Golden Rice is a genetically modified white rice that contains higher-than-normal levels of vitamin A. It was developed over 20 years ago to help combat blindness and high levels of HIV, malaria, and tuberculosis in the developing world - conditions to which susceptibility is known to increase in vitamin A-deficient people.
Crops have also been modified to be more resilient to climate and weather conditions. For instance, semi-dwarf wheat was developed as an alternative to traditional wheat, with shorter stalks. This feature conferred an advantage to semi-dwarf wheat; it didn't fall over when yields of grain got too high and so too heavy, nor when strong winds blew through.
Indeed, semi-dwarf wheat has been the dominant variety of commercially-grown wheat in use for decades, and has been credited with kick-starting the Green Revolution of the 1960s, and saving over a billion people from starvation.
It has made weed and pest management much easier and safer, with the advent of crops and animals engineered to be resistant to common effects of pests and weeds. Examples include herbicide-tolerant soybean plants or insect-resistance cotton crops.
Similarly, agri biotechnology has been used to protect crops from disease. For example, the US papaya industry was practically saved from collapse when papayas resistant to the papaya ringspot virus were developed.
Crops are being developed with the ability to grow in salty soils, or to better withstand drought The first of their kind are just entering the marketplace. Such innovations may be increasingly important in adapting to or in some cases helping to mitigate the effects of climate change.
Additionally, biotechnology in agriculture can be used to boost yields and quality of yields, as explored with the semi-dwarf wheat example earlier. Yields in India and Pakistan doubled very shortly following its introduction on the Asian Sub-Continent.
Benefits extend beyond the direct interference in agricultural processes. Agri biotechnology has also facilitated increased understanding of key pathogens responsible for food-borne diseases such as Listeria and Campylobacter. These breakthroughs make our food supply and storage much safer, and can help us identify novel treatments for such outbreaks.
As researchers better understand key biological processes underpinning effective and efficient agricultural management, agri biotechnology will play an increasingly instrumental role in global food production.
Future avenues of biotechnology and agricultural technology include introducing new and improved traits to plants, animals, and microorganisms, which improve food production efficiencies. More effective diagnostic tests, better vaccines and antibiotics, and tools for biosafety analysis.

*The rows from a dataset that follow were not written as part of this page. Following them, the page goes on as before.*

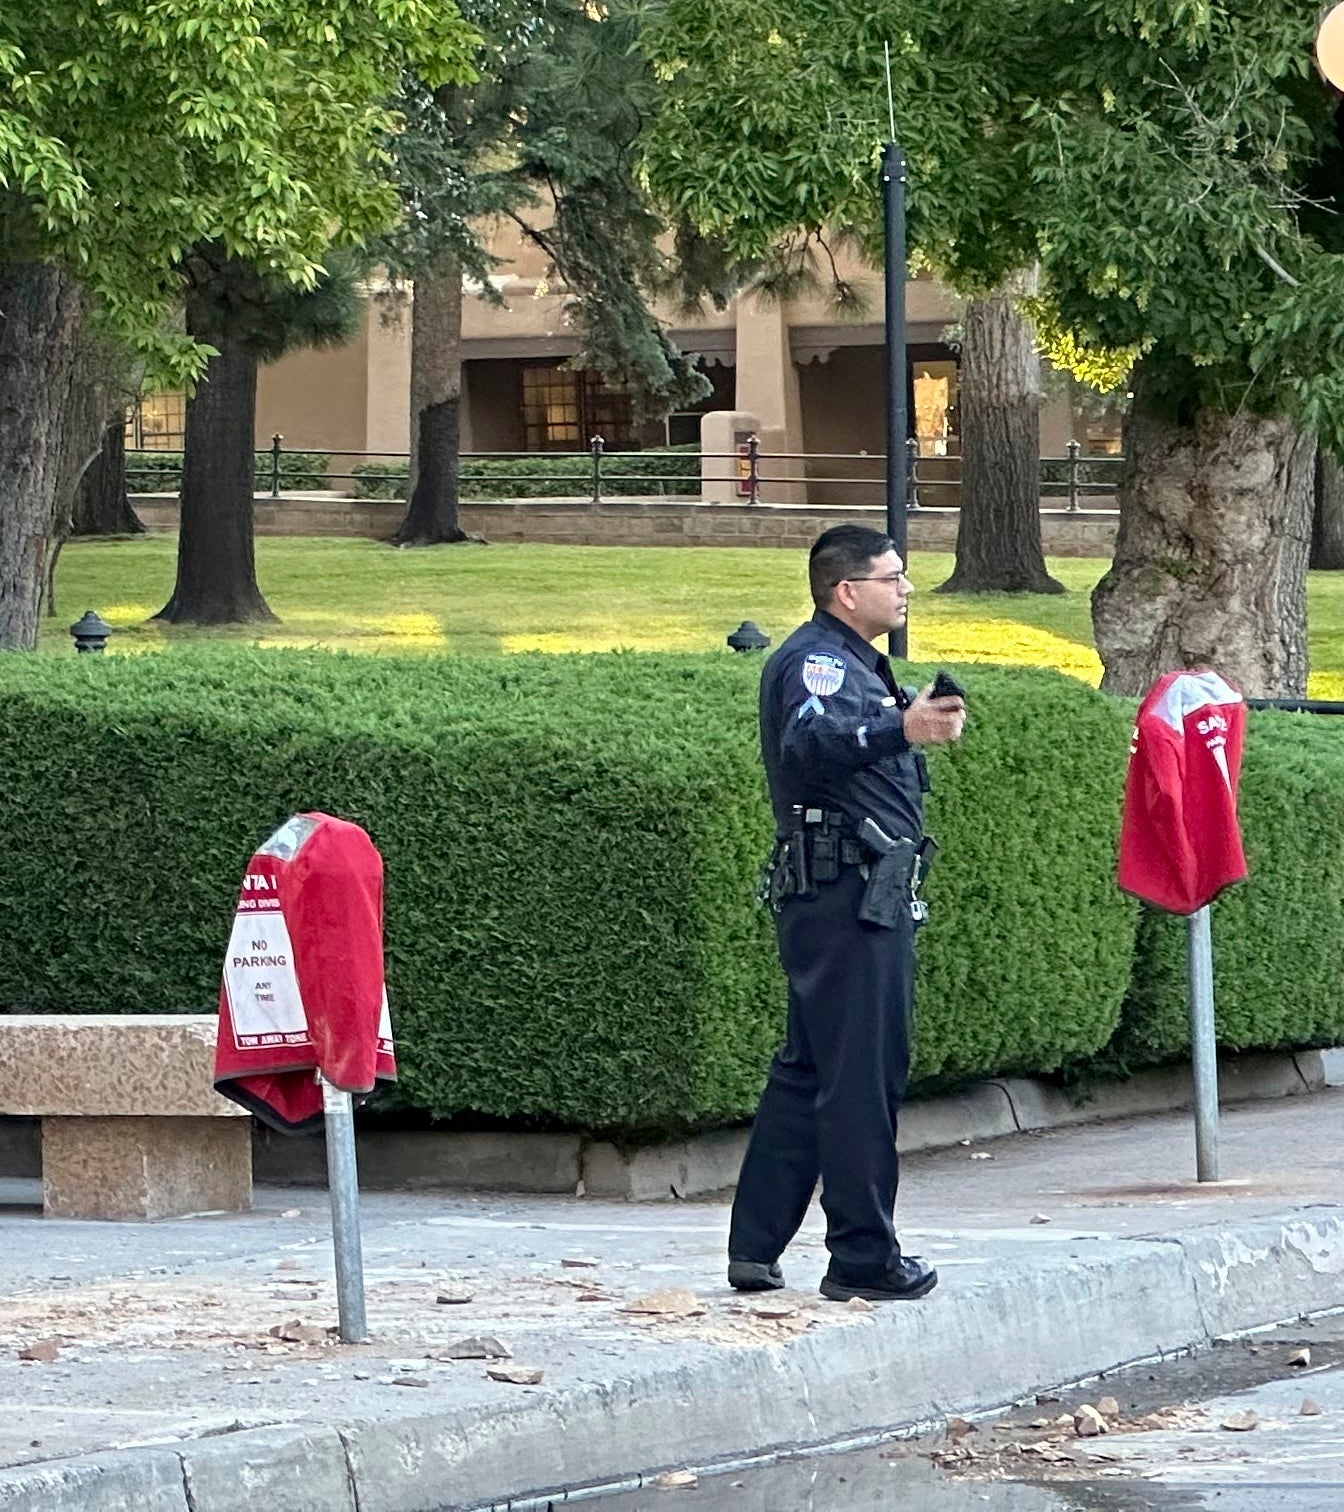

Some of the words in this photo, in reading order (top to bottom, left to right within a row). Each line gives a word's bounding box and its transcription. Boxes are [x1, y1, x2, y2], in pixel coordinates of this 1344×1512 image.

[251, 939, 268, 951] NO
[233, 955, 287, 968] PARKING
[255, 982, 272, 990] ANY
[255, 993, 275, 1002] TIME
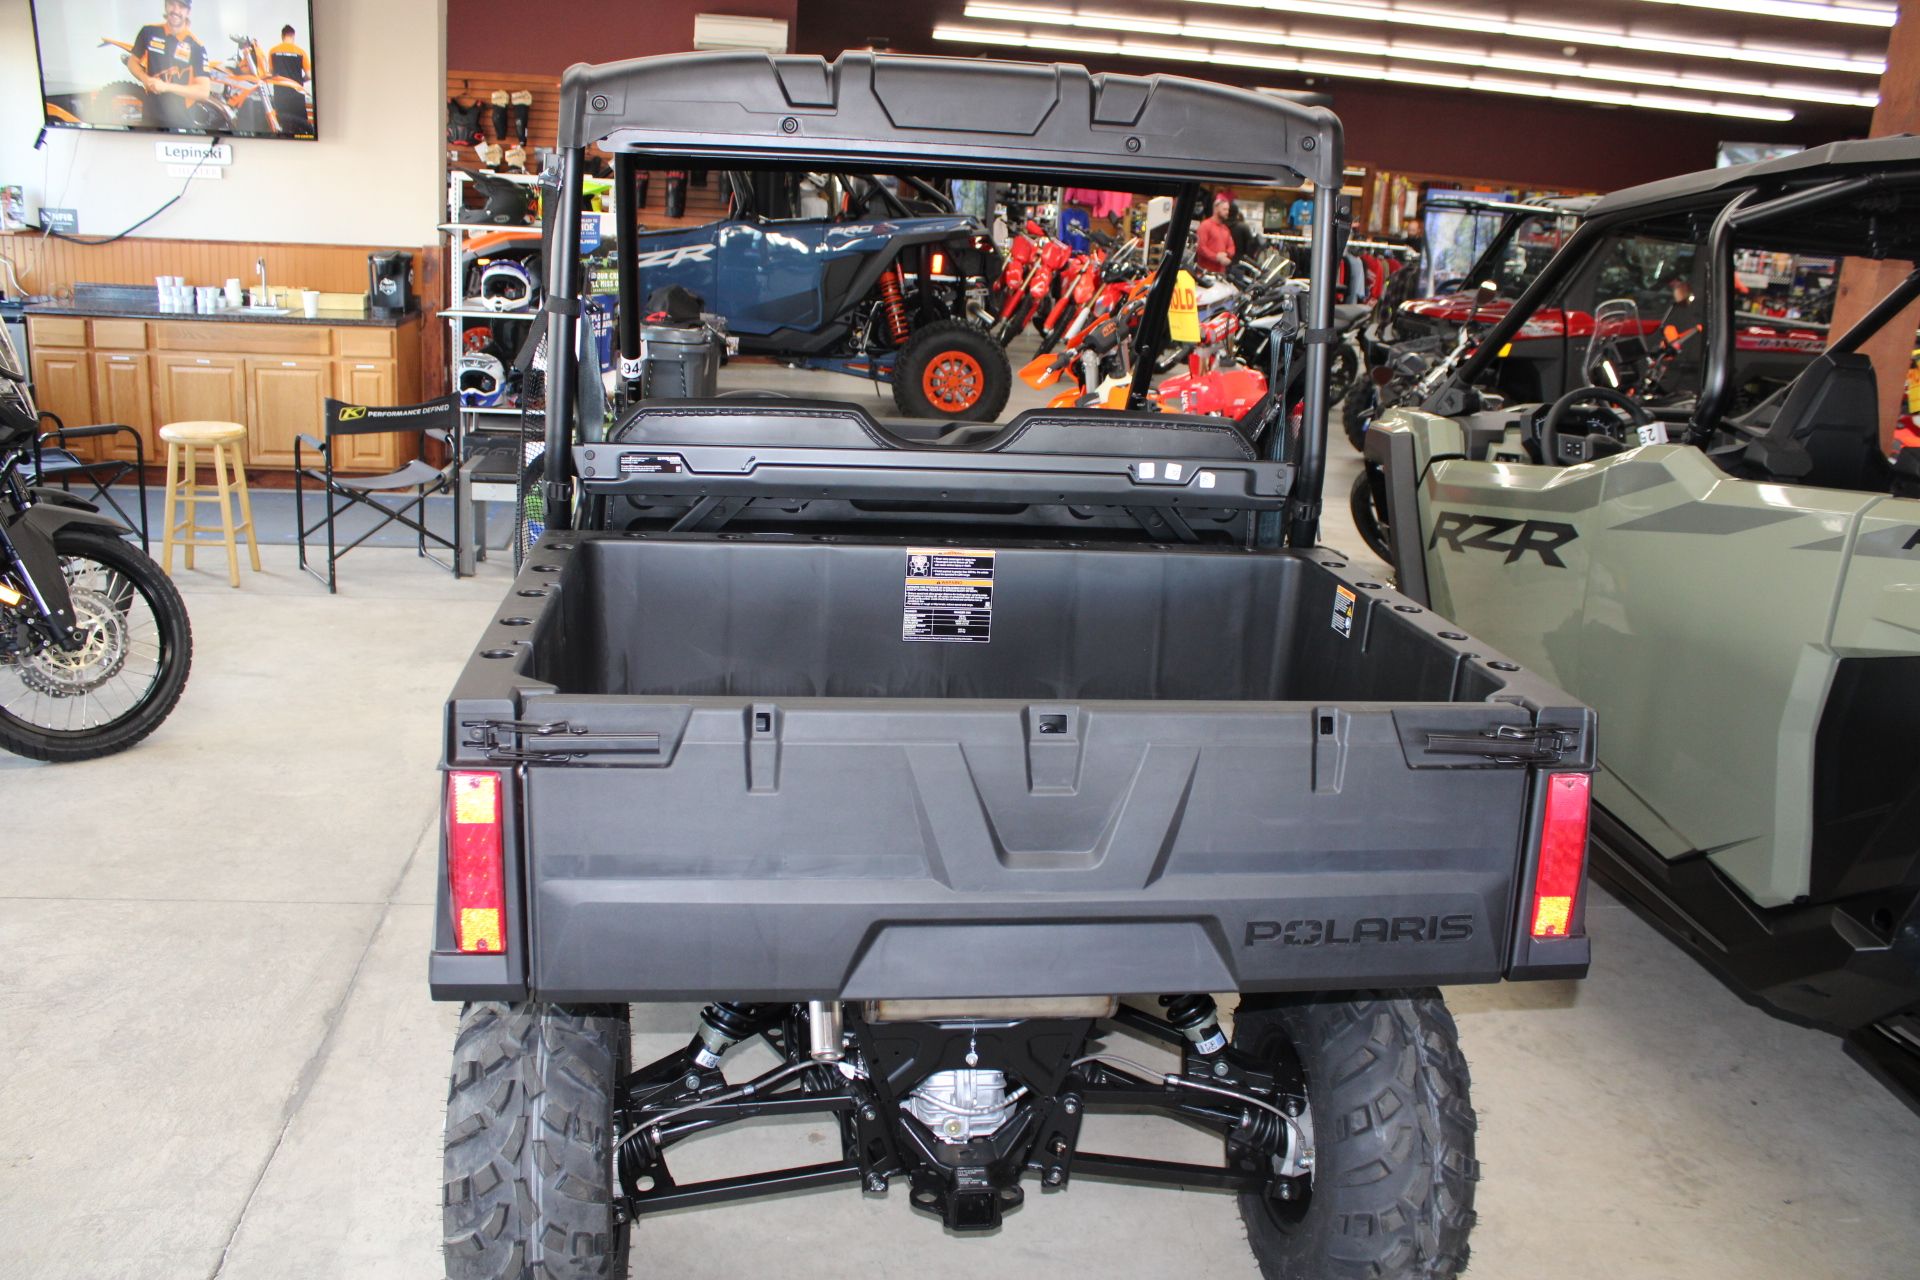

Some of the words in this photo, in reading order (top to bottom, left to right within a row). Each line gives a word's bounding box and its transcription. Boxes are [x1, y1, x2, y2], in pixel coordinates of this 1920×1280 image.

[164, 145, 222, 160] Lepinski
[638, 243, 717, 269] ZR
[1171, 287, 1194, 310] OLD
[368, 408, 421, 417] PERFORMANCE
[422, 404, 449, 414] DEFINED
[1428, 511, 1579, 569] RZR
[1244, 914, 1474, 947] POLARIS

Applications such as reducing allergens in foods and creating the tools to better evaluate GMOs and their potential environmental problems, such as induced resistance in pests or disease pathogens. For example, researchers are monitoring the insect pests of certain crops such as corn and cotton for emergence of a Bt resistance - the compound produced by these crops as a biological insecticide.
Of course, this research is controversial for many, and has been undeniably politicised in recent years. The moral and ethical arguments that interfering in the natural order of things is akin to 'playing God' will always exist in certain circles, and lead to push back against agri biotechnology research.

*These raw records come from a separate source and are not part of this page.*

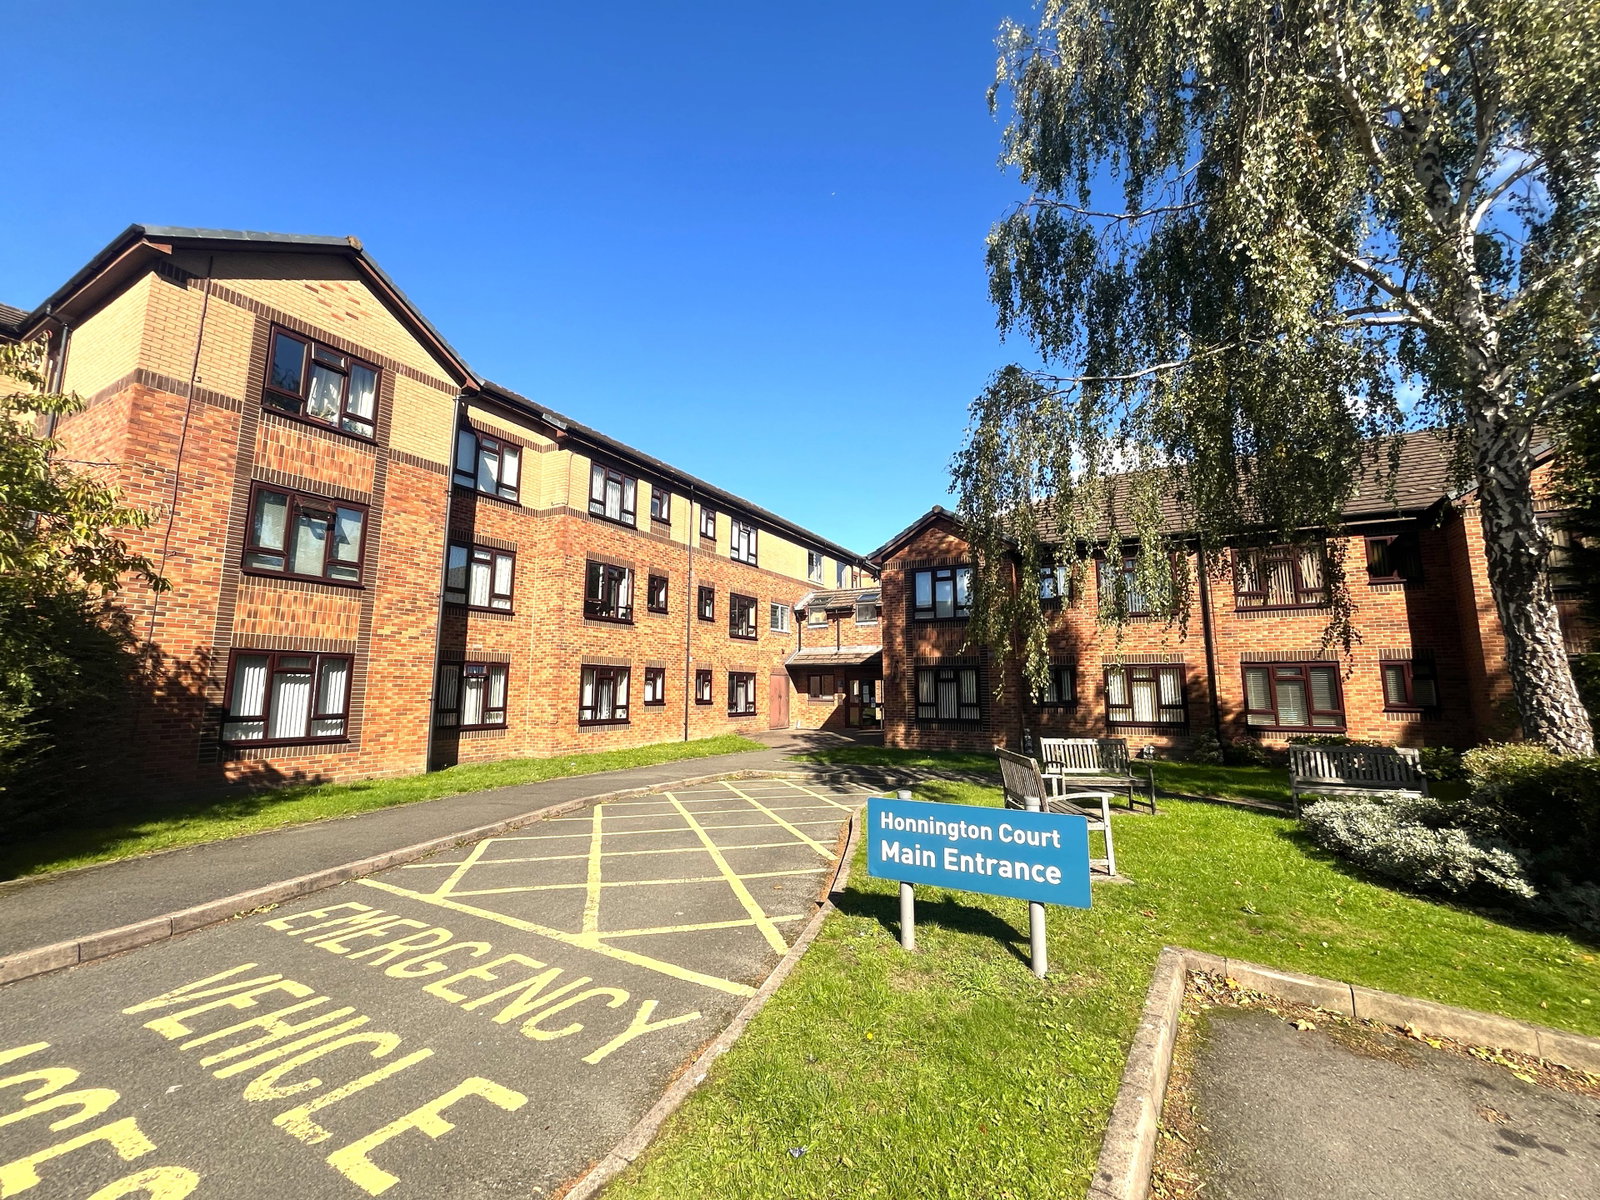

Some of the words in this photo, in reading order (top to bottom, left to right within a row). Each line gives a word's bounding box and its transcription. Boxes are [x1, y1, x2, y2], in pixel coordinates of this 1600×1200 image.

[880, 811, 993, 842] Honnington
[998, 823, 1061, 848] Court
[880, 840, 936, 868] Main
[943, 847, 1063, 885] Entrance
[262, 901, 702, 1064] EMERGENCY
[121, 962, 528, 1196] VEHICLE

Similarly, valid scientific objections exist, the most commonly cited one being that the long term effects of genetic engineering specifically are not well known or documented, and could lead to disastrous unforeseeable consequences for our ecosystems.
Agricultural biotechnology has the power to seriously transform our food system and pave the way to a food secure world, even in the face of rising populations. It has been at the core of several food and agriculture initiatives that have already proved successful over the last half-century, and could continue to provide valuable solutions should we let it.